Illicit Fentanyl Trafficking: Shipping Companies’ Hidden Time Bomb

Shipping companies can take pre-emptive measures.

The emergence of illicit fentanyl and related substances has the potential to be a major challenge for the maritime industry.  

By Lee Kok Leong, Executive Editor, Maritime Fairtrade

Illicit fentanyl, one of the world’s deadliest and most profitable narcotics, and the transnational criminal organizations who traffic them, are a threat to public health, law enforcement and national security, as well as to the shipping companies who may unknowingly transport such illicit drugs but nevertheless are liable to suffer legal prosecution, financial and reputational damages.  

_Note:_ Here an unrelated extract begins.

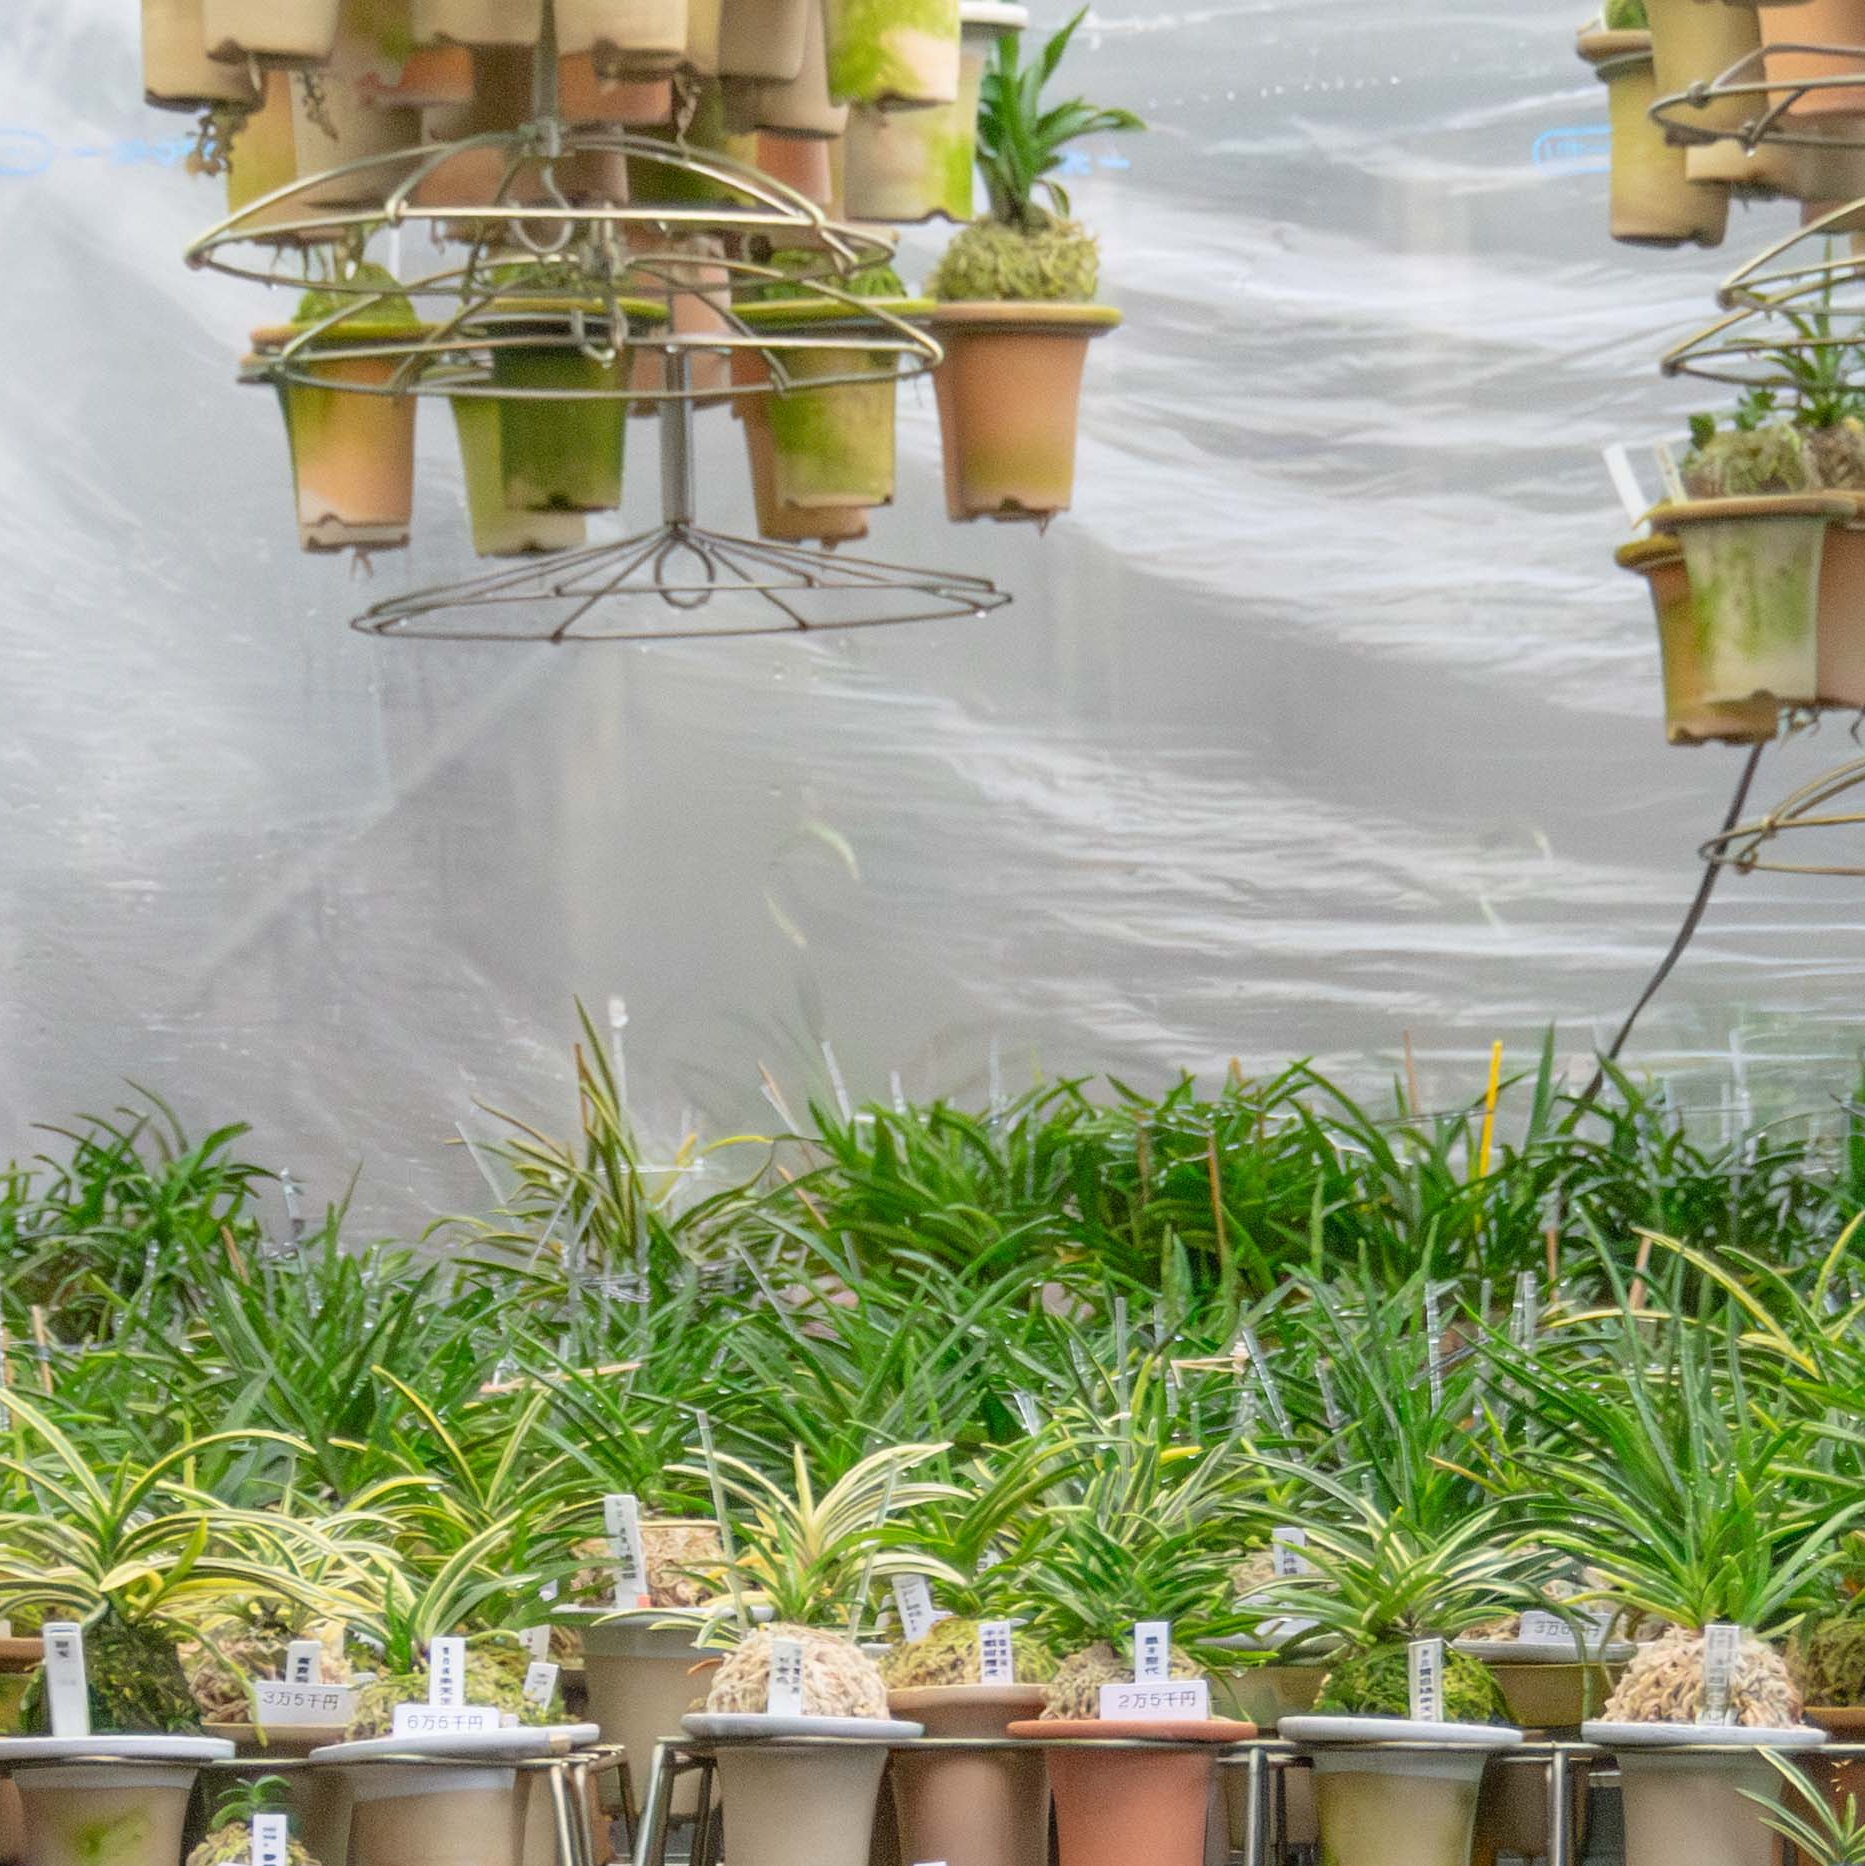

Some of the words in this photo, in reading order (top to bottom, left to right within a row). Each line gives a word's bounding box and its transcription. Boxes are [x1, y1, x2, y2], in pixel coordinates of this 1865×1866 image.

[262, 1690, 339, 1710] 3万5千円
[1118, 1690, 1196, 1709] 2万5千円
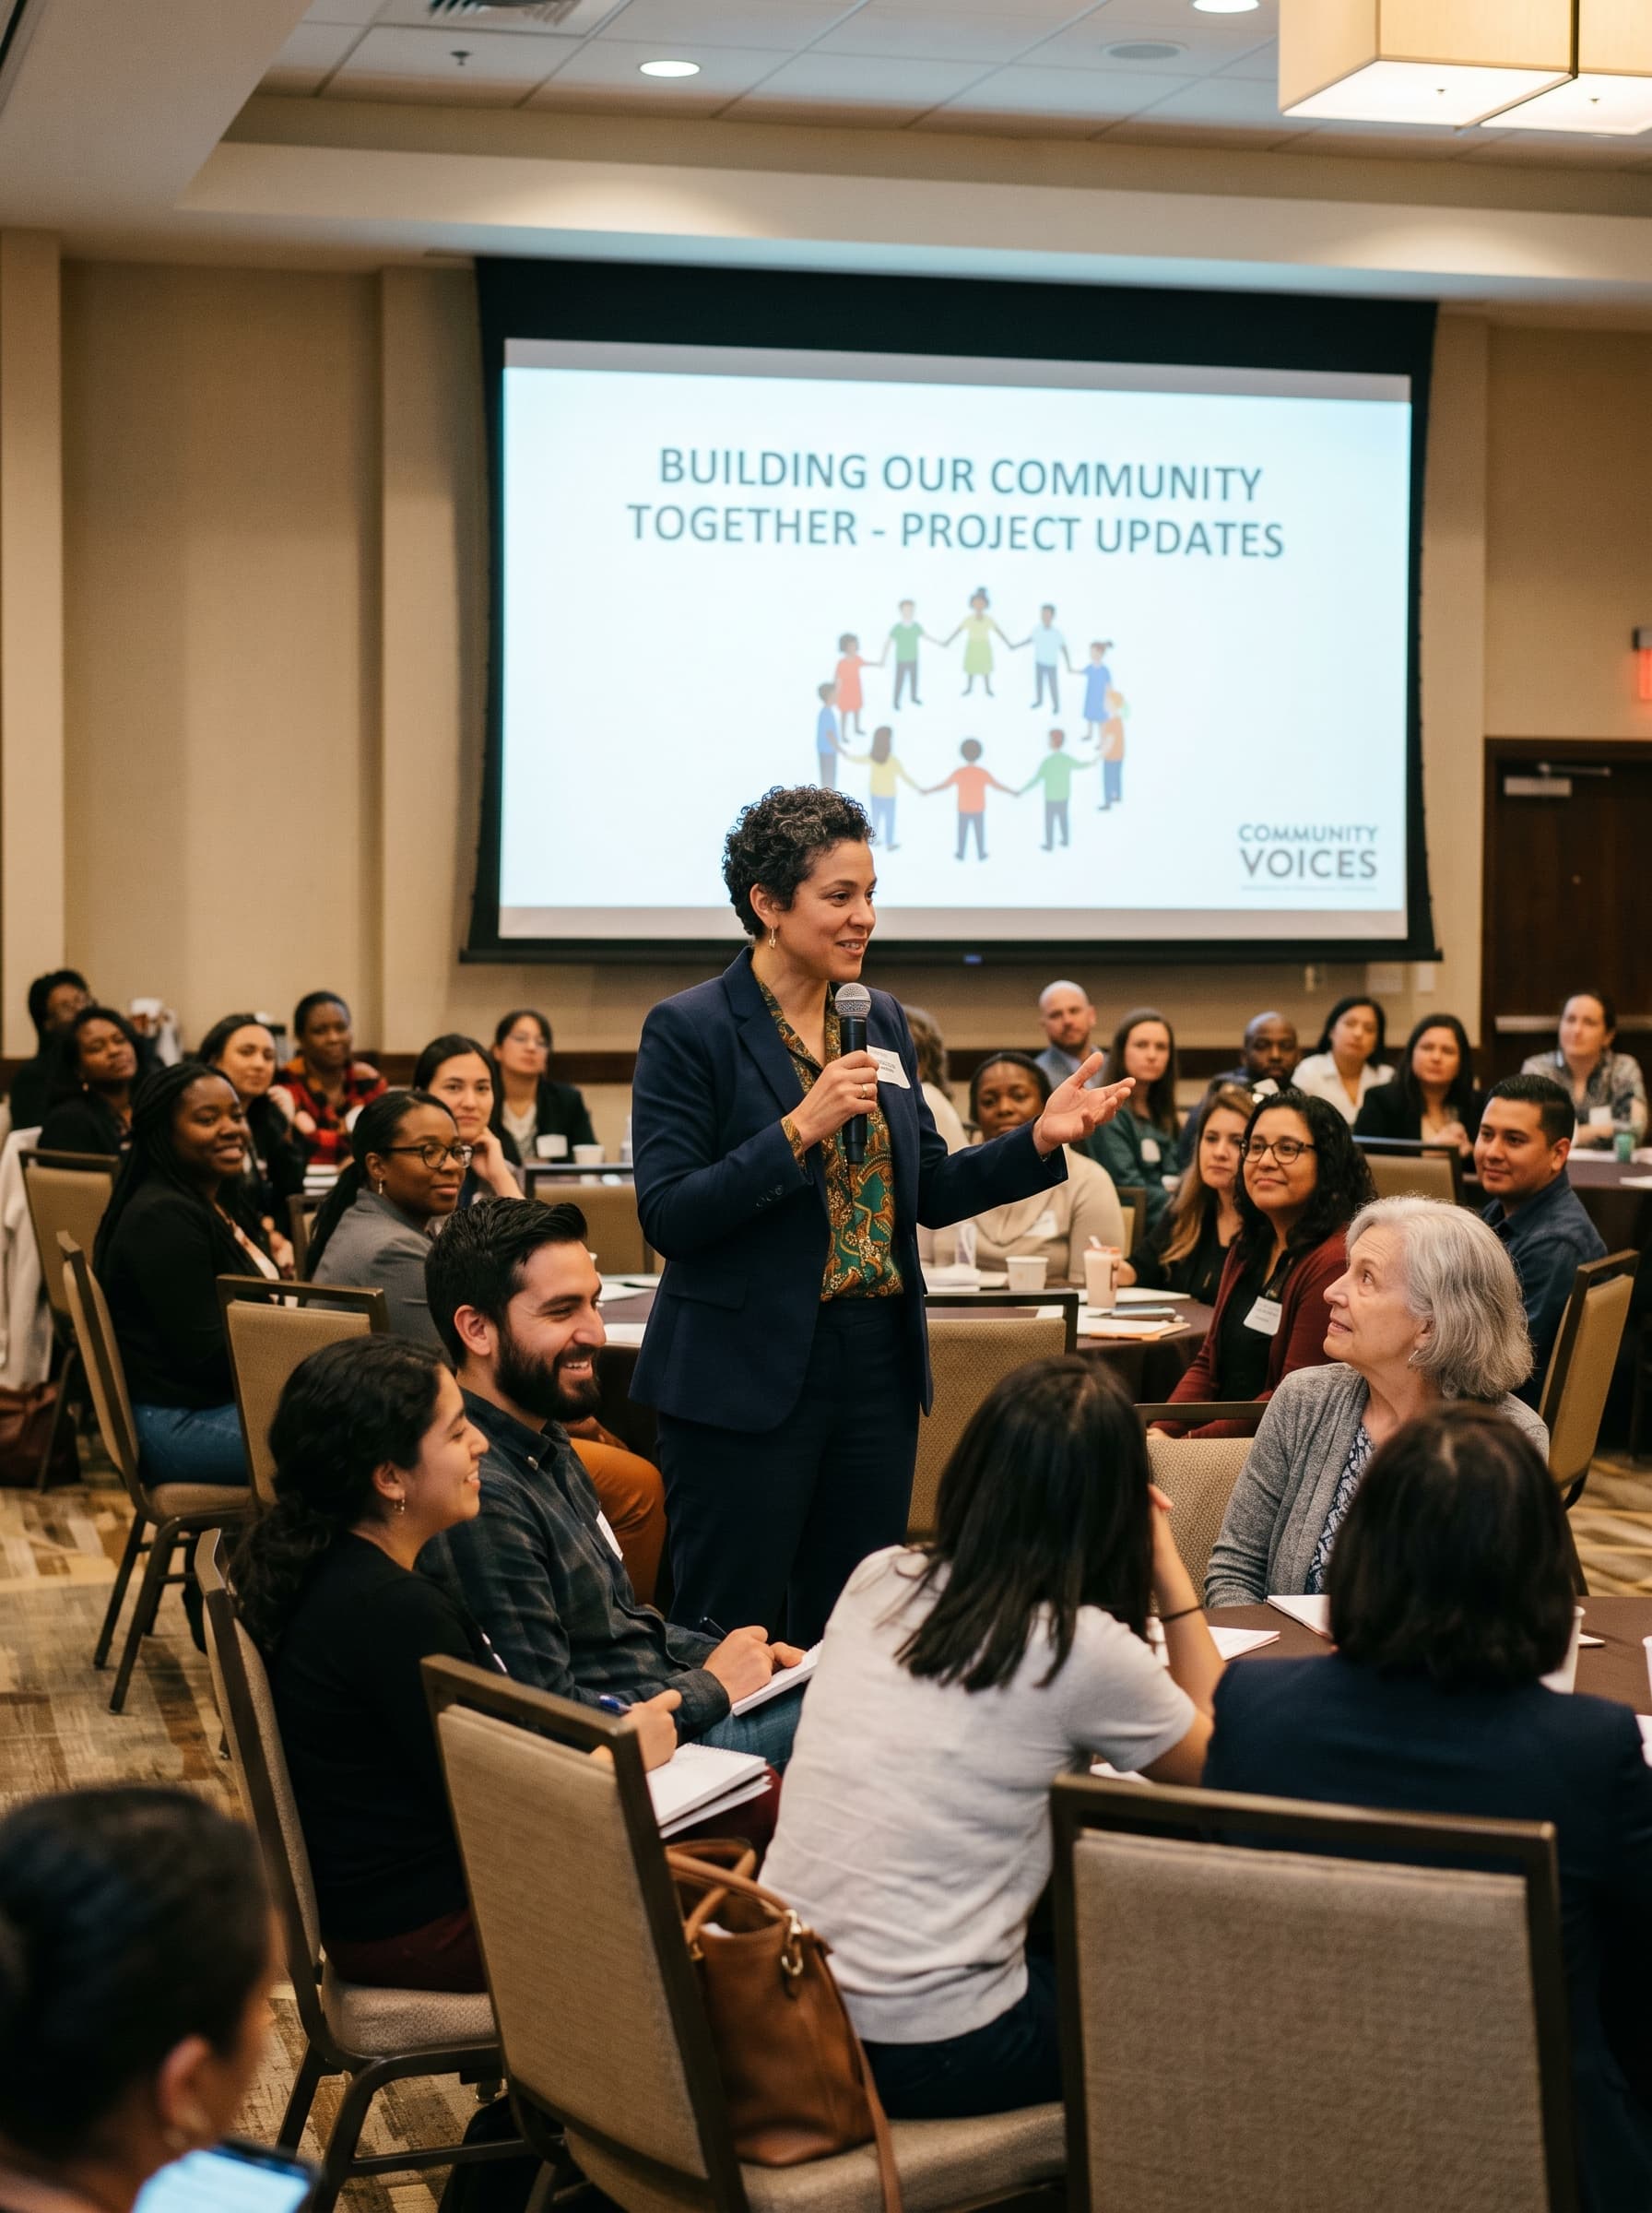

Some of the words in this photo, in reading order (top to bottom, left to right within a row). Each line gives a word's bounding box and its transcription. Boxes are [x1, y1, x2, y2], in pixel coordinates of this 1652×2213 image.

In recent years, fentanyl, which is up to 100 times stronger than morphine, is a leading cause of overdoses.  With greater global awareness and concern regarding the increasing fentanyl-related deaths, the maritime supply chains, which are one of the key routes for drug traffickers, are likely, sooner or later, to encounter governmental scrutiny over security protocols.  

Before the authority steps in and before an incident happens that can blow up to be a public relations crisis, the maritime industry should therefore be aware and take a serious view of this problem, educate all the relevant personnel and proactively implement the necessary measures to prevent being unwittingly used as an accomplice.

Fentanyl is a synthetic opioid approved for legitimate use as a painkiller and anesthetic.  However, the drug’s extremely strong opioid properties make it an attractive choice for drug abuse for both heroin and prescription opioid users.  In the U.S., fentanyl addiction has become a prolonged epidemic, and the Centers for Disease Control estimated that around 69,710 people died of an opioid overdose in 2020.  

For years, illicit fentanyl has swept through North America, and now, there are also signs that it has reached the shores of Southeast Asia.  There are indications of mass production in Myanmar’s Shan State for distribution to the wider region.  Also, illicit fentanyl was seized in Singapore for the first time on March 1.

Easy to make, easy to hide

Chinese chemical and pharmaceutical companies are producing the majority of illicit fentanyl and precursors, and even Mexican drug cartels are buying precursors from them.  Fentanyl, synthesized in labs entirely from chemicals, can be easily produced in small, clandestine spaces with only rudimentary equipment. 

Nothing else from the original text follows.